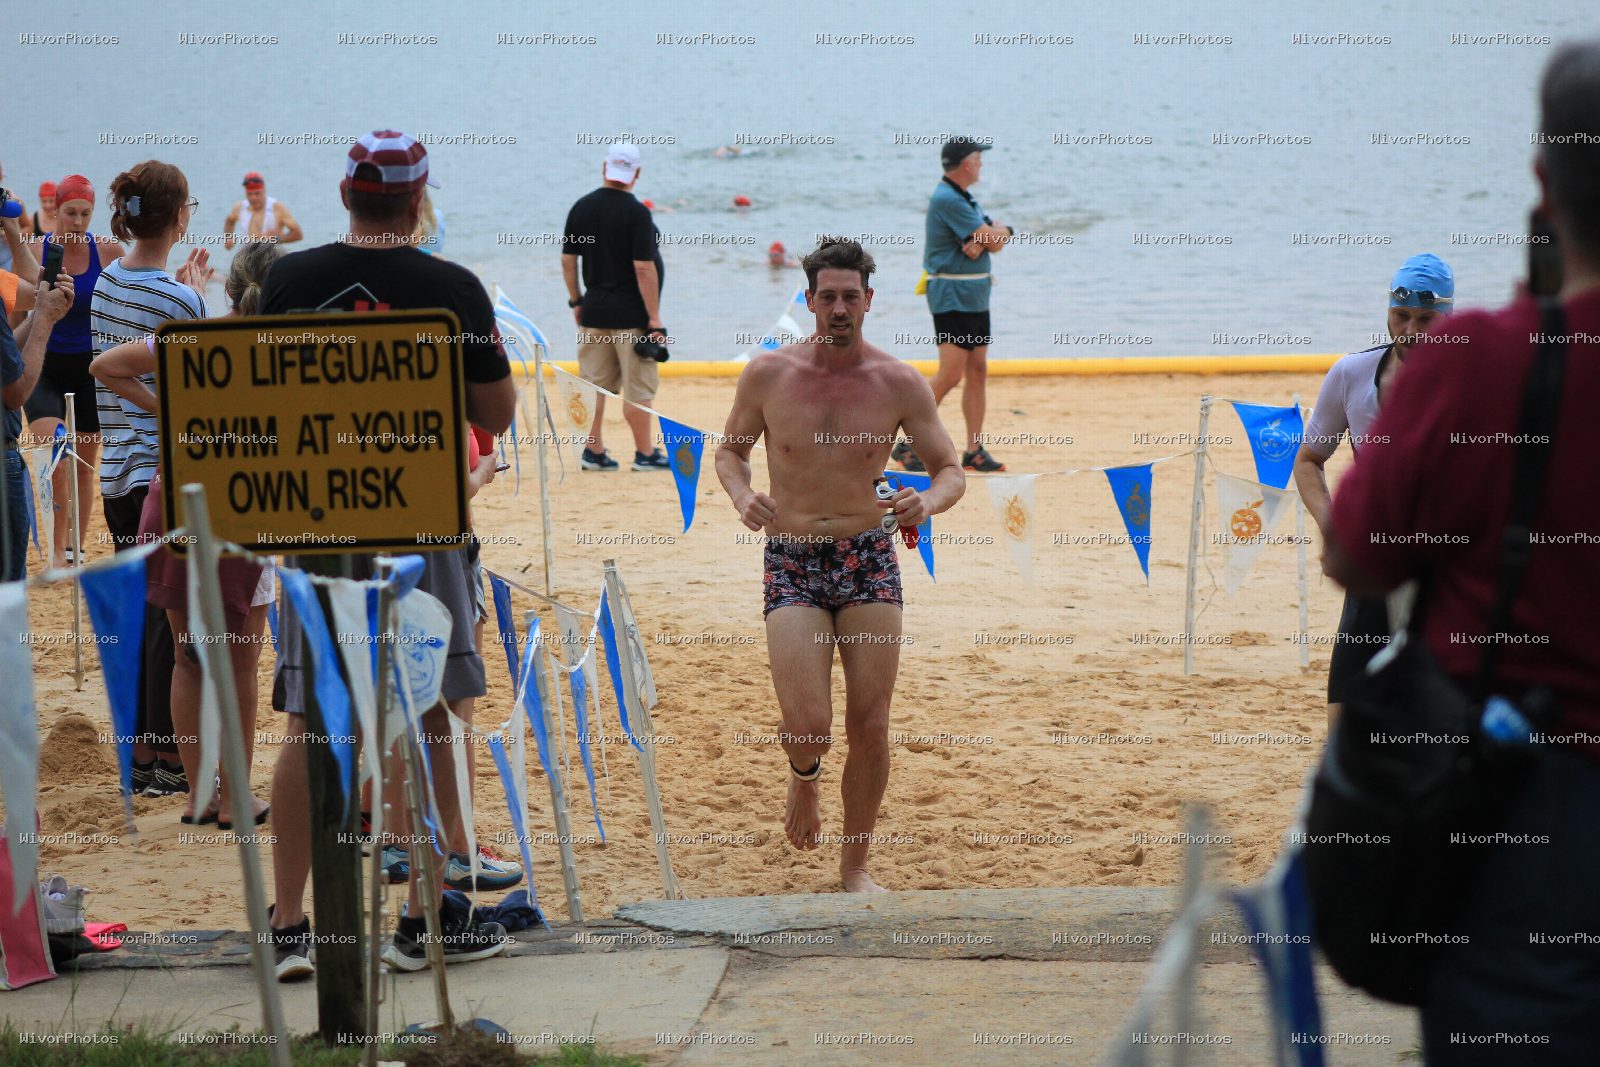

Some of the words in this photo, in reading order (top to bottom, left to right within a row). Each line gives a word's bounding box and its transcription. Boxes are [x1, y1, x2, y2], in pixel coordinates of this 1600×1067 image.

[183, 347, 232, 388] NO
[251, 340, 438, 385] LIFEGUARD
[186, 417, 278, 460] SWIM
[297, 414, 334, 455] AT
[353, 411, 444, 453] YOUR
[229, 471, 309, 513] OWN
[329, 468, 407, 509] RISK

**WHAT THE EXERCISE ASKS**. Please print each record above again exactly, but omit any pictures.

**ANSWER TO THE PROBLEM**.
Some of the words in this photo, in reading order (top to bottom, left to right within a row). Each line gives a word's bounding box and its transcription. Boxes are [x1, y1, x2, y2], in pixel coordinates of this 1600×1067 image.

[183, 347, 232, 388] NO
[251, 340, 438, 385] LIFEGUARD
[186, 417, 278, 460] SWIM
[297, 414, 334, 455] AT
[353, 411, 444, 453] YOUR
[229, 471, 309, 513] OWN
[329, 468, 407, 509] RISK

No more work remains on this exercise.